▶ [YOUR INSTRUCTIONS]
Set down every record below exactly as it stands, with the pictures omitted.
(ENTRIES SHOWN)
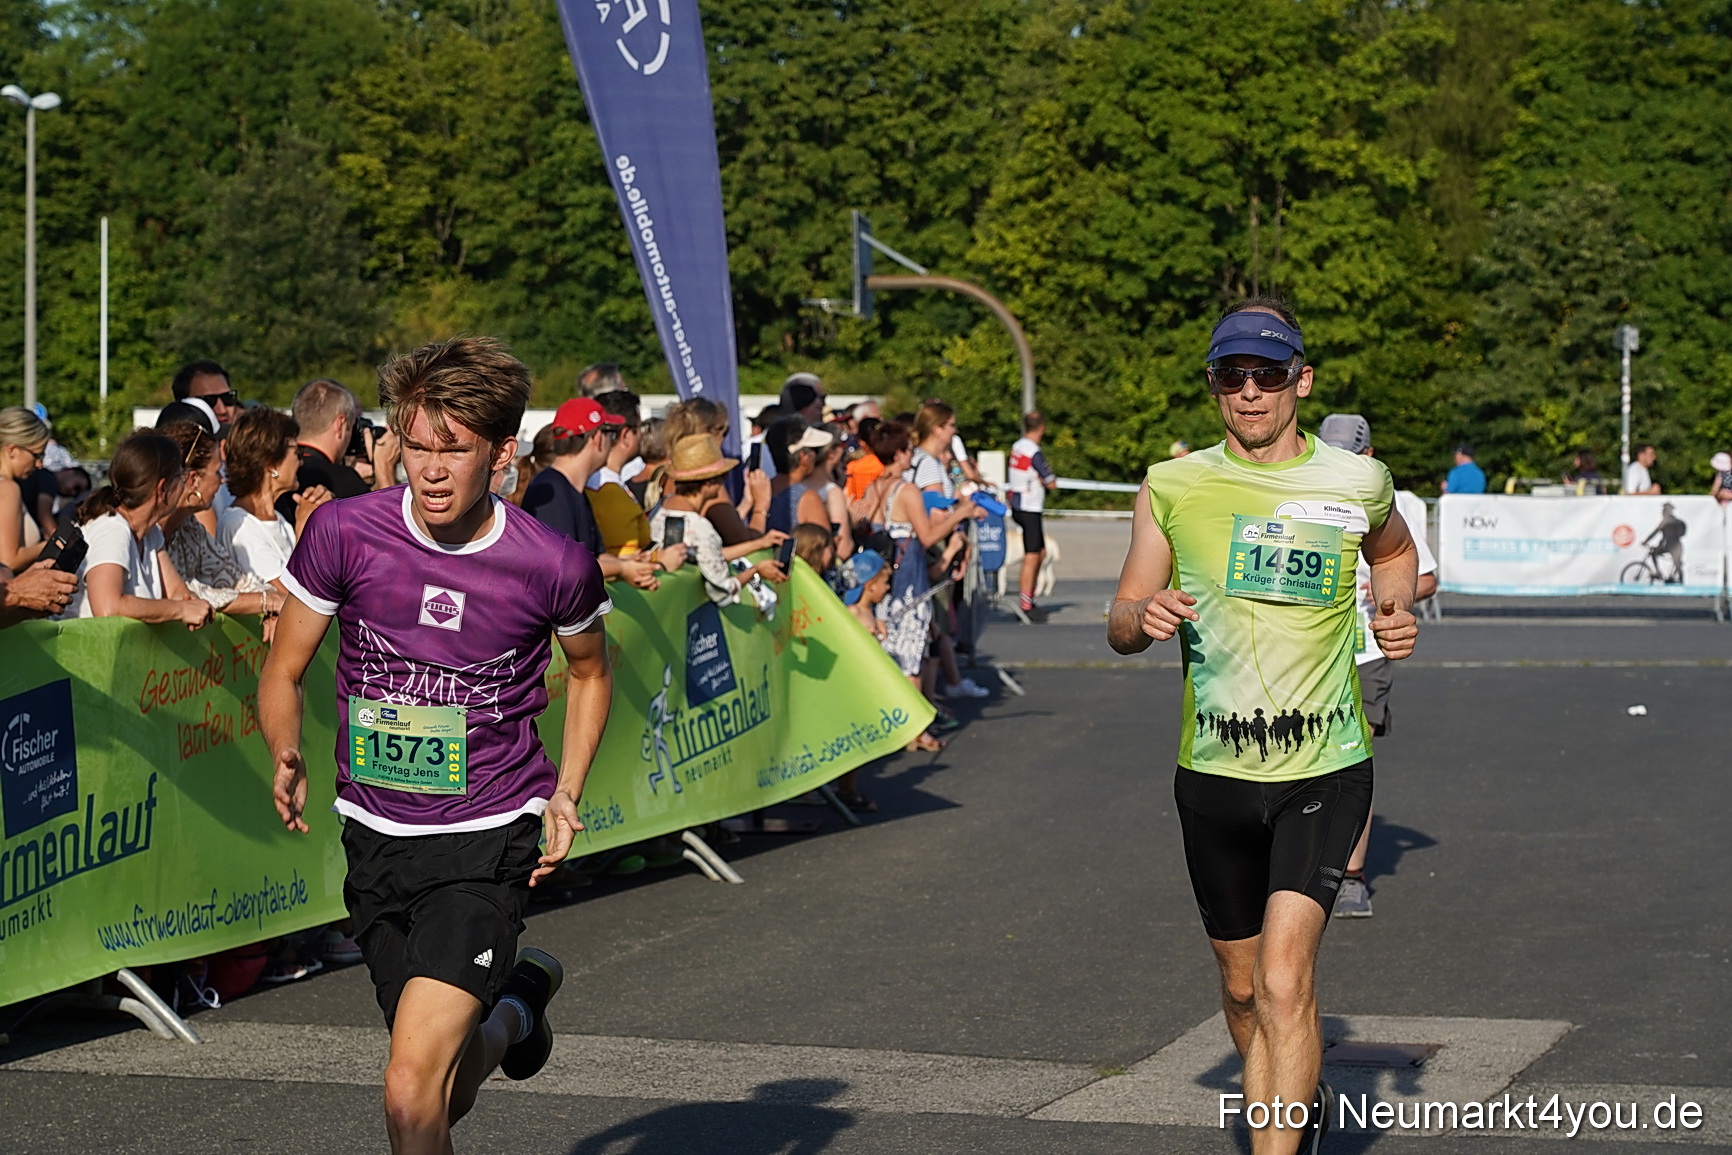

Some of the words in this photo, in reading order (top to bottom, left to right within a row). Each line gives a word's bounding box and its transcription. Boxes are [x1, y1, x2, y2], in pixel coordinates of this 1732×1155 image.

[1261, 329, 1288, 341] 2XU
[1324, 505, 1351, 514] Klinikum
[1260, 533, 1296, 541] Firmenlauf
[1233, 552, 1246, 580] RUN
[1249, 545, 1322, 577] 1459
[1243, 572, 1277, 586] Krüger
[1278, 577, 1323, 591] Christian
[1321, 558, 1335, 595] 2022
[424, 601, 460, 616] FUCHS
[140, 641, 226, 715] Gesunde
[177, 702, 234, 762] laufen
[240, 693, 262, 738] lä
[375, 718, 412, 728] Firmenlauf
[13, 729, 59, 763] Fischer
[356, 736, 366, 766] RUN
[367, 731, 446, 766] 1573
[18, 752, 55, 776] AUTOMOBILE
[372, 761, 410, 778] Freytag
[413, 767, 440, 778] Jens
[448, 743, 460, 782] 2022
[97, 868, 308, 951] www.firmenlauf-oberpfalz.de
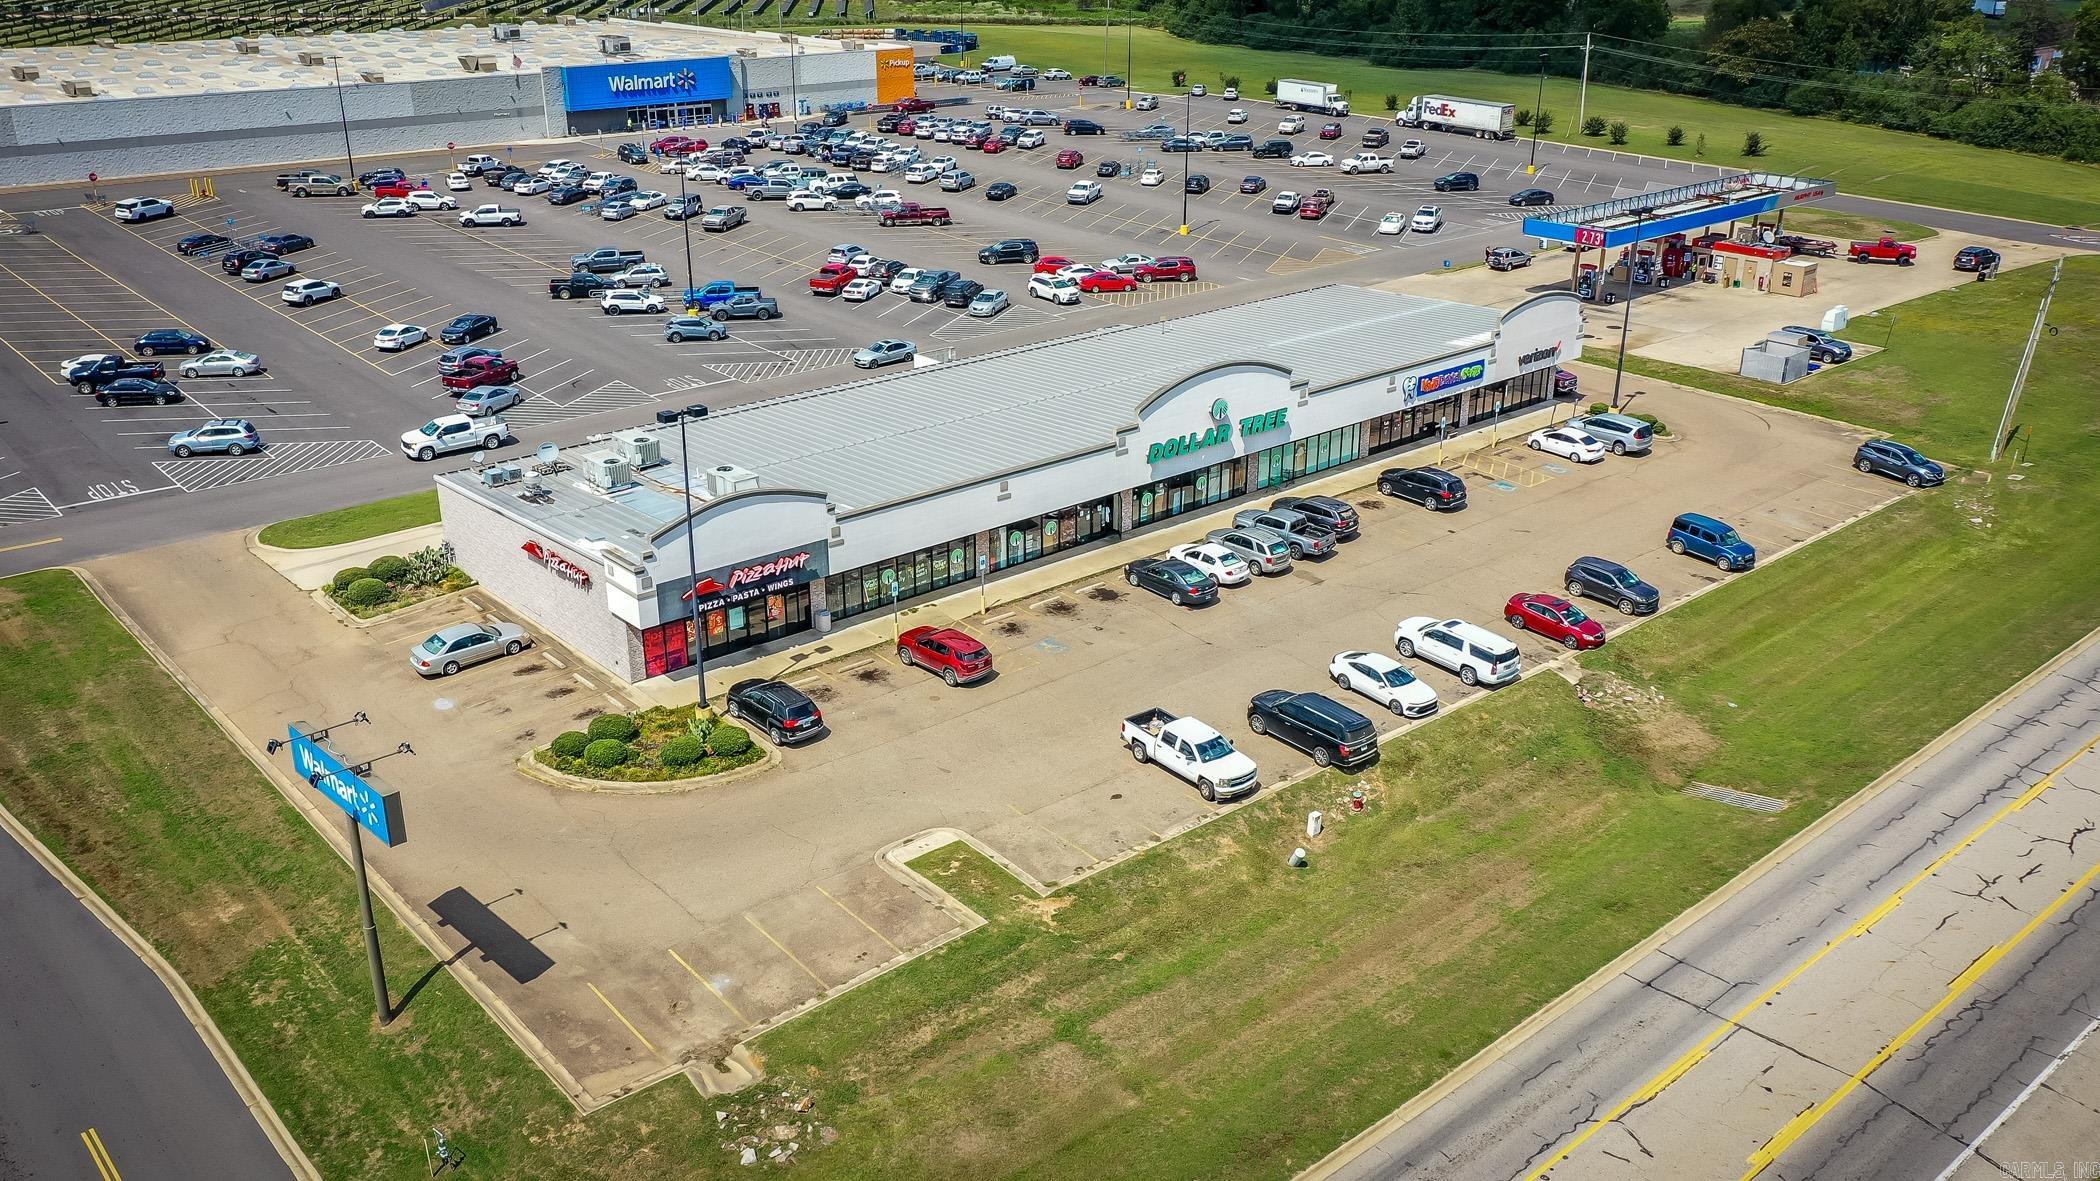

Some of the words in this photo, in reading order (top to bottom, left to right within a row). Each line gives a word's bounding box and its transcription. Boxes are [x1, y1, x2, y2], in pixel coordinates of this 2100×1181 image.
(End ENTRIES SHOWN)
▶ [ANSWER TO THIS EXERCISE]
Some of the words in this photo, in reading order (top to bottom, left to right within a row). Each line gives a word's bounding box and its transcription. Boxes are [x1, y1, x2, y2], in pixel coordinates of this 1732×1155 image.

[1261, 329, 1288, 341] 2XU
[1324, 505, 1351, 514] Klinikum
[1260, 533, 1296, 541] Firmenlauf
[1233, 552, 1246, 580] RUN
[1249, 545, 1322, 577] 1459
[1243, 572, 1277, 586] Krüger
[1278, 577, 1323, 591] Christian
[1321, 558, 1335, 595] 2022
[424, 601, 460, 616] FUCHS
[140, 641, 226, 715] Gesunde
[177, 702, 234, 762] laufen
[240, 693, 262, 738] lä
[375, 718, 412, 728] Firmenlauf
[13, 729, 59, 763] Fischer
[356, 736, 366, 766] RUN
[367, 731, 446, 766] 1573
[18, 752, 55, 776] AUTOMOBILE
[372, 761, 410, 778] Freytag
[413, 767, 440, 778] Jens
[448, 743, 460, 782] 2022
[97, 868, 308, 951] www.firmenlauf-oberpfalz.de

Some of the words in this photo, in reading order (top to bottom, left to right within a row). Each line gives a word's bounding box and its transcription. Boxes are [x1, y1, x2, y2], in pixel coordinates of this 2100×1181 image.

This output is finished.